The use of data analytics and machine learning in policing has plenty of potential benefits, but it also presents a significant risk of unfair discrimination, security think tank Royal United Services Institute for Defence and Security Studies (RUSI) has warned.
A new report, Data Analytics and Algorithmic Bias in Policing, outlines the various ways that analytics and algorithms are used by police forces across the United Kingdom.
This includes the use of facial recognition technology, mobile data extraction, social media analysis, predictive crime mapping, and individual risk assessment. The report focuses on the latter two and the risks they pose, given the predictive nature of these uses.
The study notes that if bias finds its way into these technologies, it could lead to discrimination against protected characteristics, such as race, sexuality or age. This is a result of human bias in the data used to train these systems.
One police officer interviewed, for example, noted that young black males are more likely to be stopped and searched than young white males.
“Algorithms that are trained on police data ‘may replicate (and in some cases amplify) the existing biases inherent in the dataset,’” the authors explained. “The effects of a biased sample could be amplified by algorithmic predictions via a feedback loop, whereby future policing is predicted, not future crime”.
The study notes that those from disadvantaged backgrounds are more likely to engage with public services, meaning police forces will have access to more data on people from certain demographics. In turn, due to the data available, predictive technologies are more likely to calculate that these individuals a greater risk.
The report, based on interviews with police forces, civil society organisations, academics and legal experts, was commissioned as part of the Centre for Data Ethic and Innovation’s investigation of algorithmic bias in policing.
Use of AI in policing faces scrutiny
There have been numerous reported cases of biases finding their way into artificial intelligence (AI) algorithms.
Last year Amazon decided to scrap its predictive AI recruiting tool after it was found to be biased against female candidates.
Likewise, there has been concerns raised over the accuracy of facial recognition technology. An independent report recently found that the technology used by the Metropolitan police force incorrectly identifies suspects 81% of the time.
Is there a place for AI in policing?
Despite these concerns, the report does state that in some cases the use of algorithms in policing has resulted in a reduction in the number of criminal offenses committed.
“In relation to predictive mapping, empirical evidence has demonstrated that the deployment of predictive mapping software could increase the likelihood of detecting future crime events when compared to non-technological methods, result in net reductions in overall crime rates,” the authors said.
Research has shown that random police patrols leads to little success in detecting and stopping crime. However, using technology to identify hot-spot areas has been shown to result in a reduction in crime in both the deployment location and surrounding areas.
According to Luka Crnkovic-Friis, CEO of AI company Peltarion, the sensitive nature of this use of AI means that caution must be taken, but the issue of bias shouldn’t discredit the technology and its potential benefits:
“The existence of bias does not discredit the benefits of using AI solutions, but in sensitive applications such as policing we have to be extra careful.”
According to RUSI, there is also a risk of automation bias — where officers become over-reliant on automation tools and discount other relevant information — developing.

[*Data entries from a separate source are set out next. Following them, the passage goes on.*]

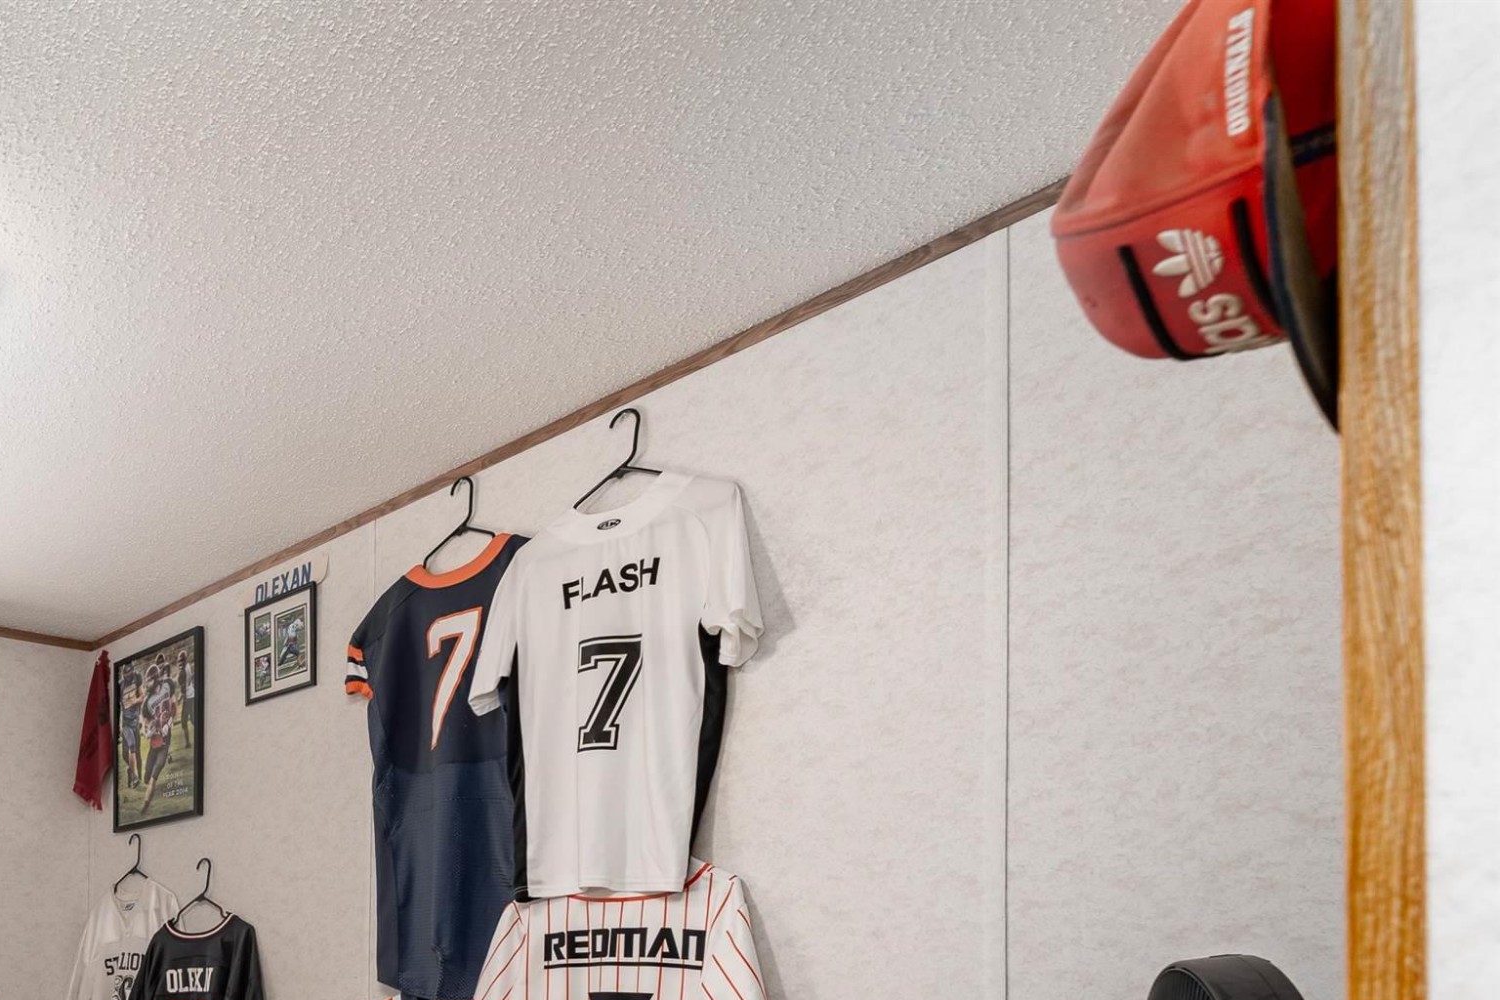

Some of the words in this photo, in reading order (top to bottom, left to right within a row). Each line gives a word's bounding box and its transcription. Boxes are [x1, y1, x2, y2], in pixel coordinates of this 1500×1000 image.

[255, 560, 312, 606] OLEXAN
[562, 556, 660, 609] FLASH
[426, 606, 483, 750] 7
[577, 633, 643, 753] 7
[544, 927, 706, 962] REDMAN

Crnkovic-Friis believes that addressing flaws in training data, and improving understanding of how the technology functions, rather than dismissing it entirely, is key to overcoming the issues presented by the study.
“The key thing is to be aware of the limitations and to have checks and balances in place to assess the veracity of the outputs from AI, while making sure that the input data is monitored for undesirable biases,” Crnkovic-Friis explained. “While AI can provide predictions, the outputs are only going to be based on the data it has been trained on. Without understanding of how the technology works and without ethical guidelines of what constitutes unacceptable bias, the risk of building a flawed system is high.”
Many of the applications being used by police forces are still primitive, and are only currently being trialled and tested. However, as the technology becomes more widely available, more data is collected, and inaccuracies are weeded out, the outputs will only improve.
“The nature of AI means that the more data it has and the more it is used the better the outputs. It is good however to be cautious and to account for the fact that bias can exist. Awareness is certainly a great first step to correction and perfection over time,” Crnkovic-Friis said.
Rather than a case against the use of predictive policing, there is also a case for more AI, or more specifically further development of the algorithms and data that make it possible. Lowering the bar for AI adoption and putting AI in the hands of more people is a means to that end, Crnkovic-Friis believes, and would help to create better outputs that “reflect the interests of everyone”.
“Ultimately, in order to truly address bias issues, AI needs to become accessible to and understood by more people. We need to lower the bar for AI adoption and to put the technology in the hands of more individuals and organisations, so it can reflect the interests of everyone.”